In the small town of Holt, Colorado, a high school teacher is confronted with raising his two boys alone after their mother retreats first to the bedroom, then altogether. A teenage girl — her father long since disappeared, her mother unwilling to have her in the house — is pregnant, alone herself, with nowhere to go. And out in the country, two brothers, elderly bachelors, work the family homestead, the only world they've ever known.

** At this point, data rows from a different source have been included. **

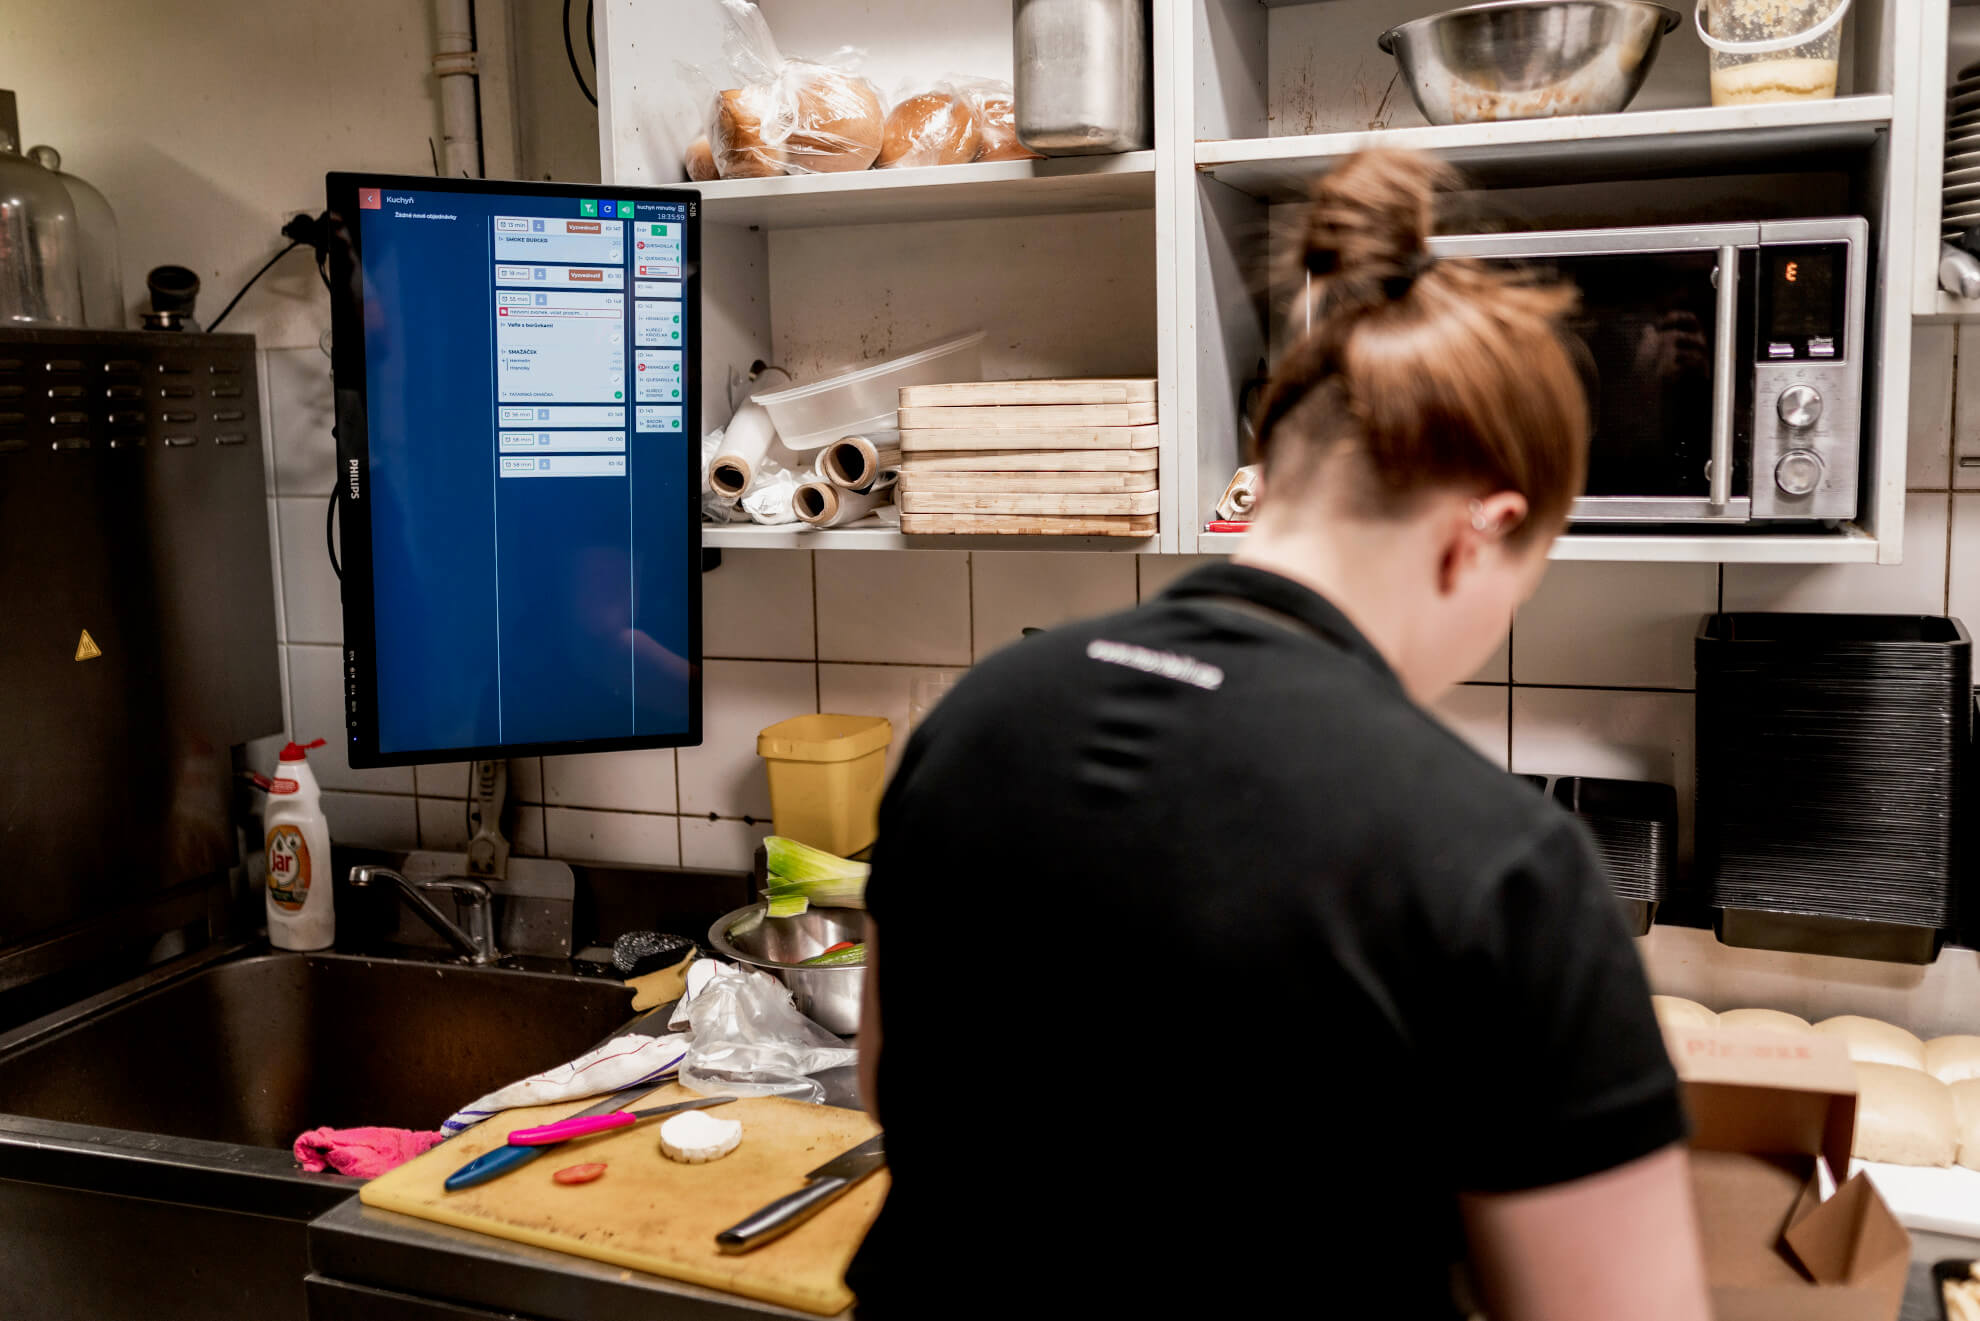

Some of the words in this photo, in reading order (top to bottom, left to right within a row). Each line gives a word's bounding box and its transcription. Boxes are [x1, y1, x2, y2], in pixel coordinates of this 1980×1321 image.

[1785, 261, 1798, 282] E
[349, 459, 360, 500] PHILIPS
[271, 850, 293, 873] Jar
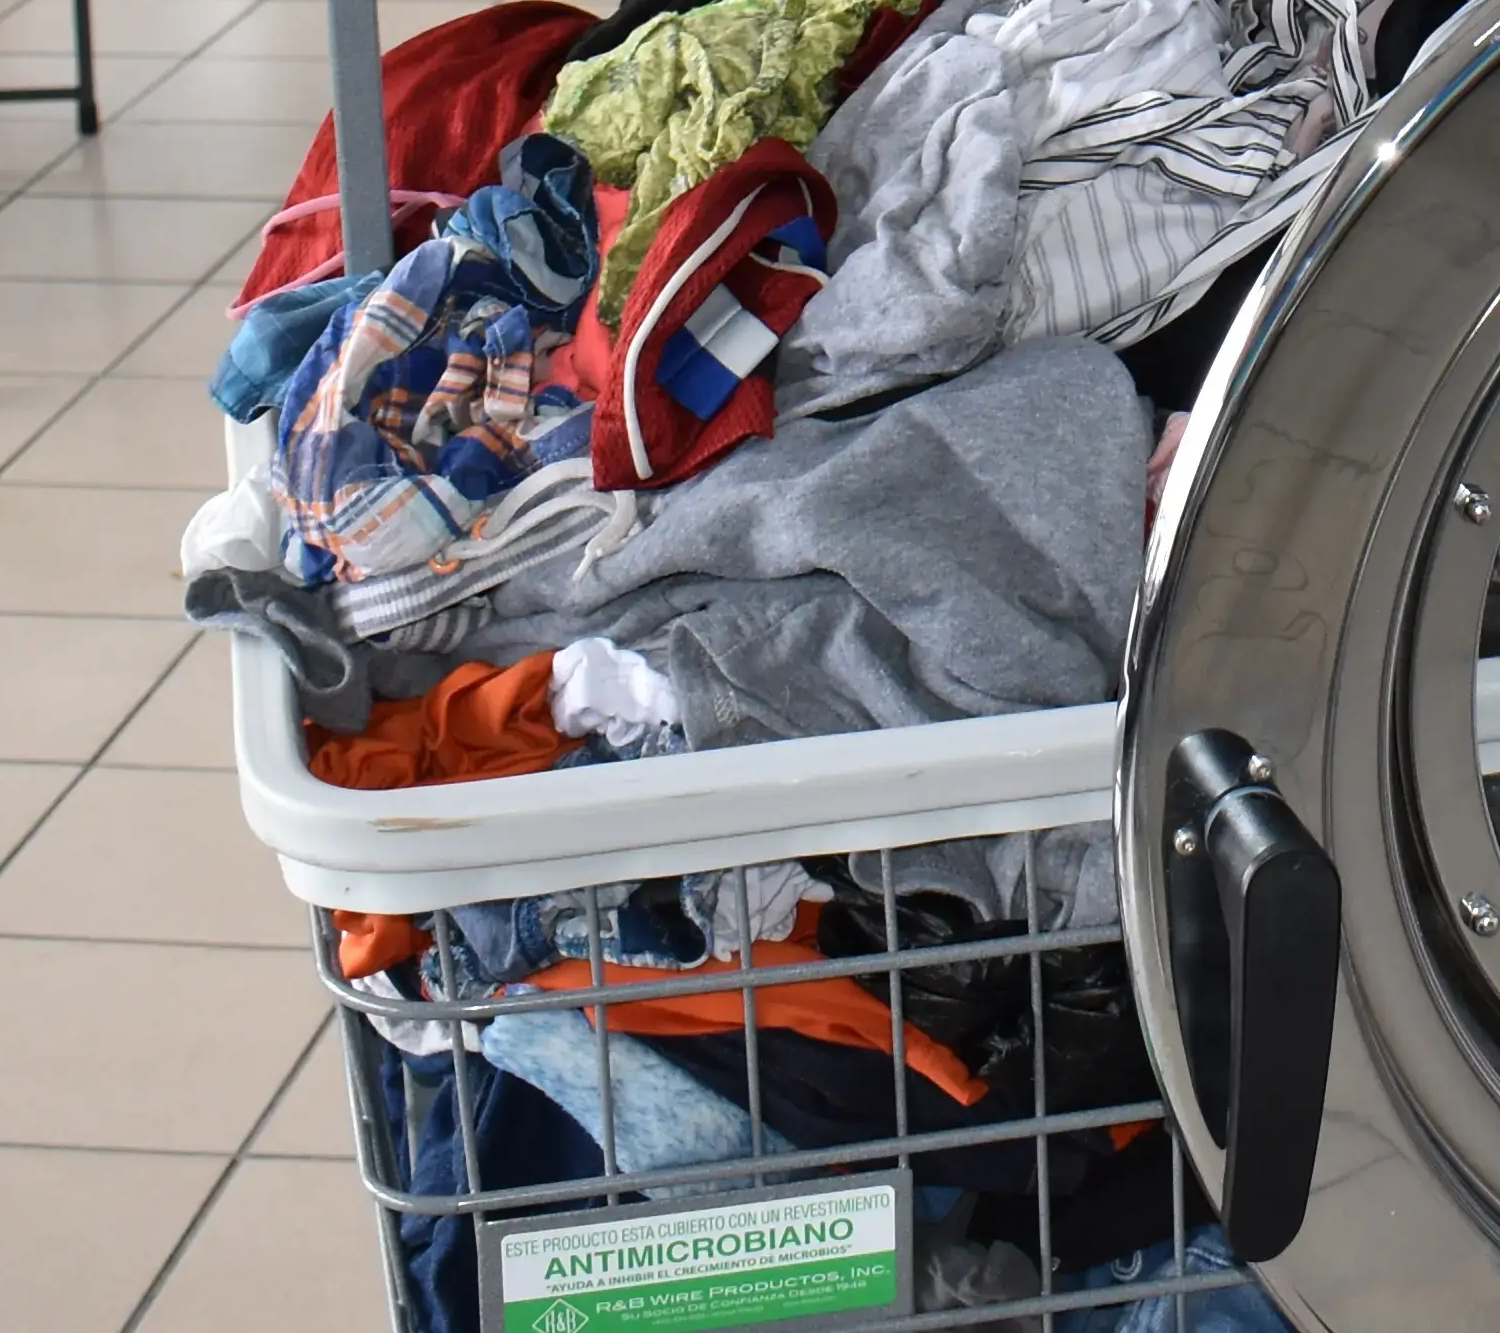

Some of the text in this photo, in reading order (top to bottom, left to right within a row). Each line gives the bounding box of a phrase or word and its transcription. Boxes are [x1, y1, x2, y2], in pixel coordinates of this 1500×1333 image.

[505, 1193, 890, 1258] ESTE PRODUCTO ESTA CUBIERTO CON UN REVESTIMIENTO
[545, 1218, 854, 1280] ANTIMICROBIANO
[596, 1278, 606, 1287] A
[609, 1273, 655, 1286] INHIBIR
[658, 1270, 673, 1279] EL
[675, 1258, 757, 1277] CRECIMIENTO
[759, 1255, 776, 1265] DE
[596, 1264, 891, 1314] R&B WIRE PRODUCTOS, INC.
[710, 1294, 785, 1309] CONFIANZA
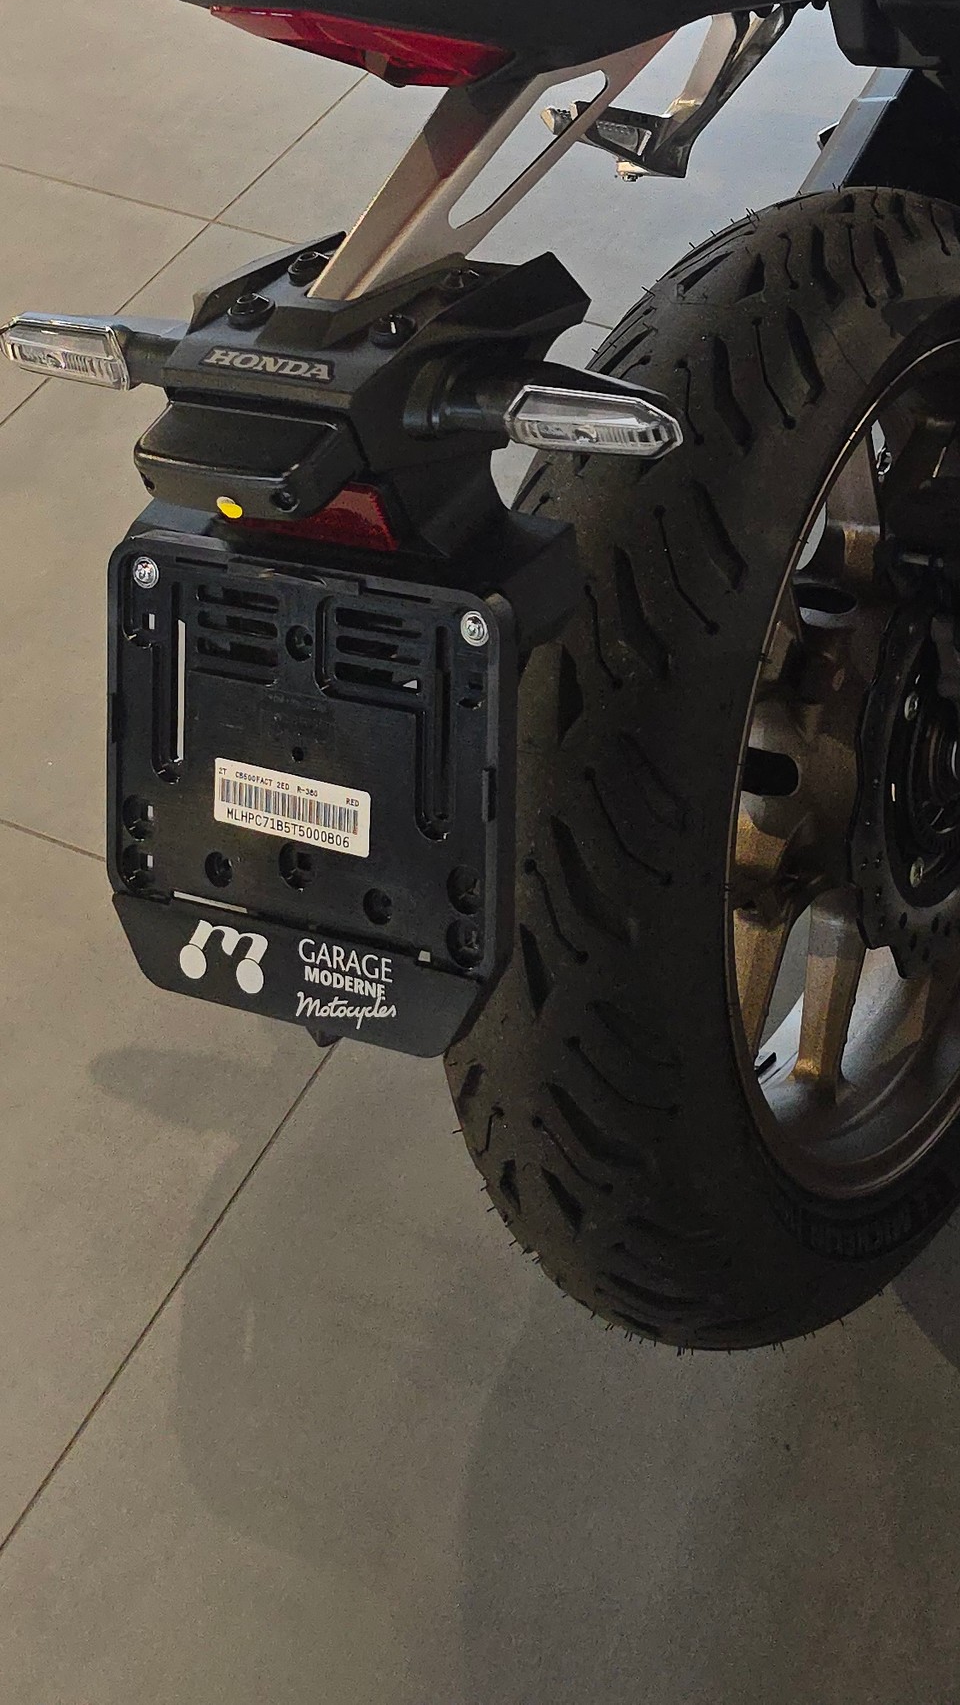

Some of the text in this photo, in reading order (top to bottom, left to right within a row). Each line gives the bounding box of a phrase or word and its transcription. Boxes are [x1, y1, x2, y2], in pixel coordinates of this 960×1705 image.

[203, 349, 330, 380] HONDA
[218, 767, 227, 775] 2T
[345, 797, 360, 807] RED
[298, 938, 393, 983] GARAGE
[304, 965, 386, 1000] MODERNE
[295, 991, 397, 1030] Motocycles
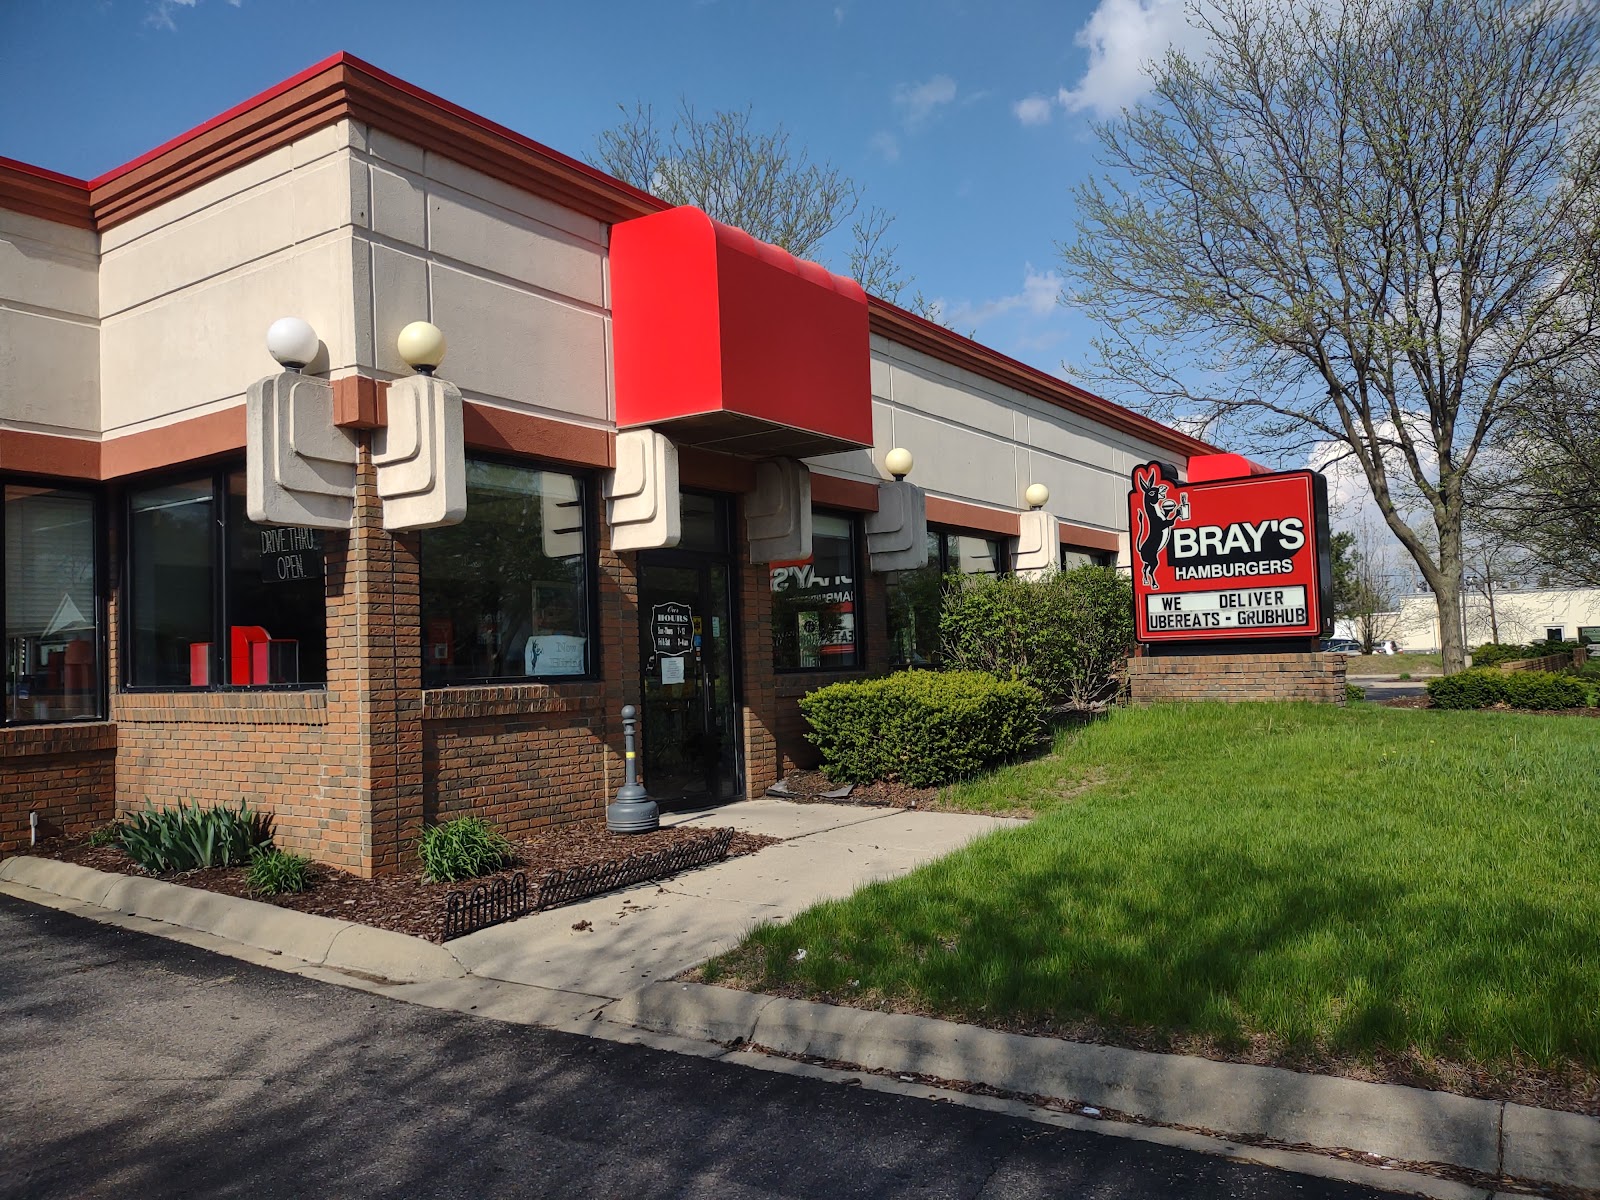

From these unsettled lives emerges a vision of life, and of the town and landscape that bind them together — their fates somehow overcoming the powerful circumstances of place and station, their confusion, curiosity, dignity and humor intact and resonant. As the milieu widens to embrace fully four generations, Kent Haruf displays an emotional and aesthetic authority to rival the past masters of a classic American tradition.
Utterly true to the rhythms and patterns of life,
is a novel to care about, believe in, and learn from.
"Ambitious, but never seeming so, Kent Haruf reveals a whole community as he interweaves the stories of a pregnant high school girl, a lonely teacher, a pair of boys abandoned by their mother, and a couple of crusty bachelor farmers. From simple elements, Haruf achieves a novel of wisdom and grace — a narrative that builds in strength and feeling until, as in a choral chant, the voices in the book surround, transport, and lift the reader off the ground."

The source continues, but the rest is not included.